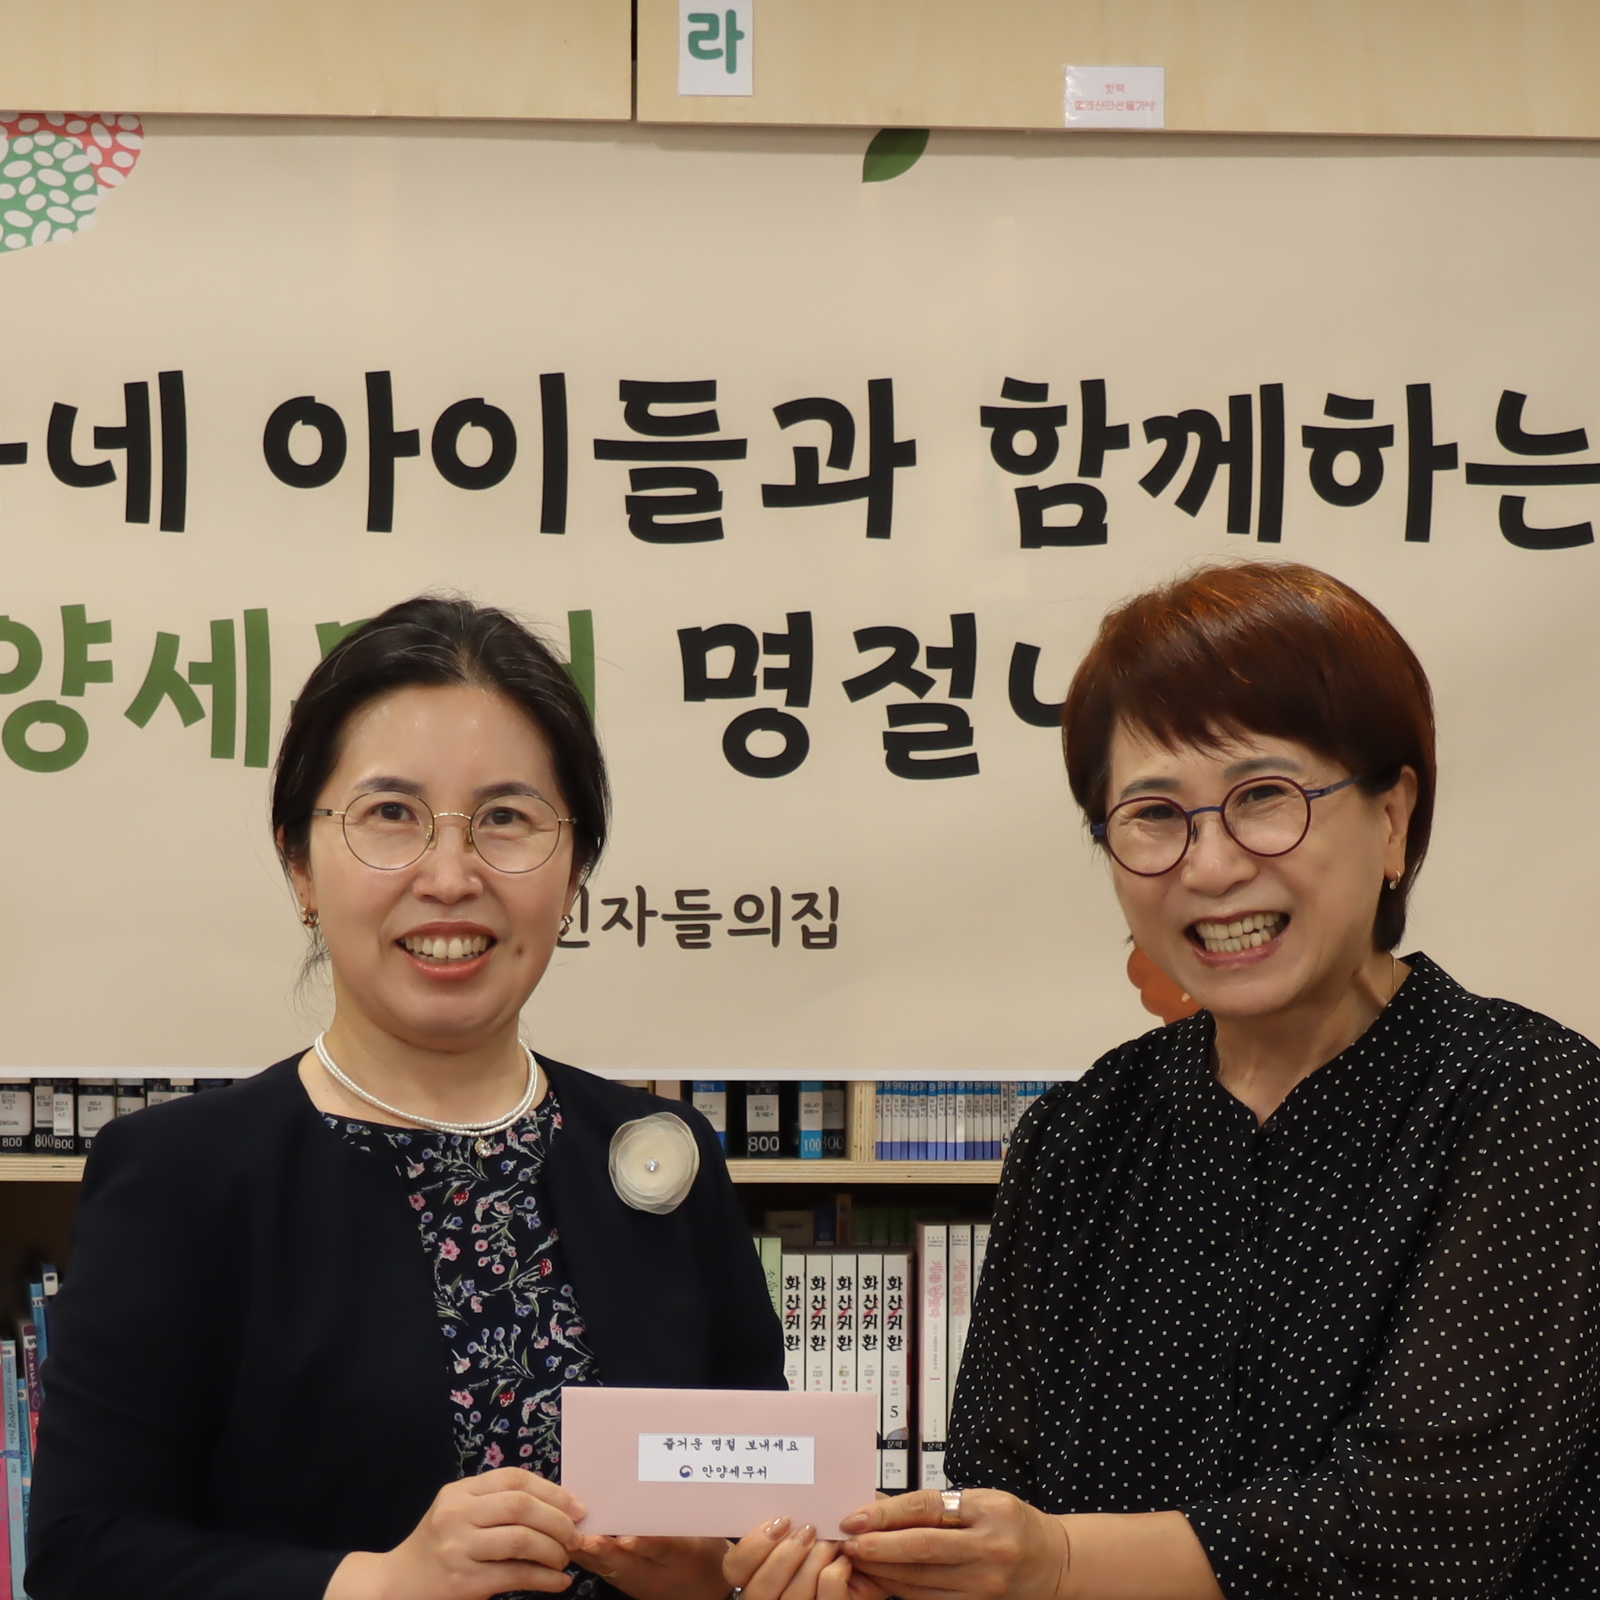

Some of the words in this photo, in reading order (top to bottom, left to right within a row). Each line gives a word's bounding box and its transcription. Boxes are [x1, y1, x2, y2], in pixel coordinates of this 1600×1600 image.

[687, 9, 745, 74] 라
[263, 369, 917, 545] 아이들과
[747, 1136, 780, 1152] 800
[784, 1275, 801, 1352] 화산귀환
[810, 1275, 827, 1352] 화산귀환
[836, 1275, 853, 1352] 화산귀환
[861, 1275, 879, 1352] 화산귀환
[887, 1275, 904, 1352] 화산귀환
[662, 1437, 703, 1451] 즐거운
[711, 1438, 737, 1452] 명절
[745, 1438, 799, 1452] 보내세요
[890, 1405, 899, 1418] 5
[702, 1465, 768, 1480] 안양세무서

**********

■ **Work task**:
The entries are to be written out in full and exactly, apart from the pictures.

■ **Exercise answer**:
Some of the words in this photo, in reading order (top to bottom, left to right within a row). Each line gives a word's bounding box and its transcription. Boxes are [x1, y1, x2, y2], in pixel coordinates of this 1600×1600 image.

[687, 9, 745, 74] 라
[263, 369, 917, 545] 아이들과
[747, 1136, 780, 1152] 800
[784, 1275, 801, 1352] 화산귀환
[810, 1275, 827, 1352] 화산귀환
[836, 1275, 853, 1352] 화산귀환
[861, 1275, 879, 1352] 화산귀환
[887, 1275, 904, 1352] 화산귀환
[662, 1437, 703, 1451] 즐거운
[711, 1438, 737, 1452] 명절
[745, 1438, 799, 1452] 보내세요
[890, 1405, 899, 1418] 5
[702, 1465, 768, 1480] 안양세무서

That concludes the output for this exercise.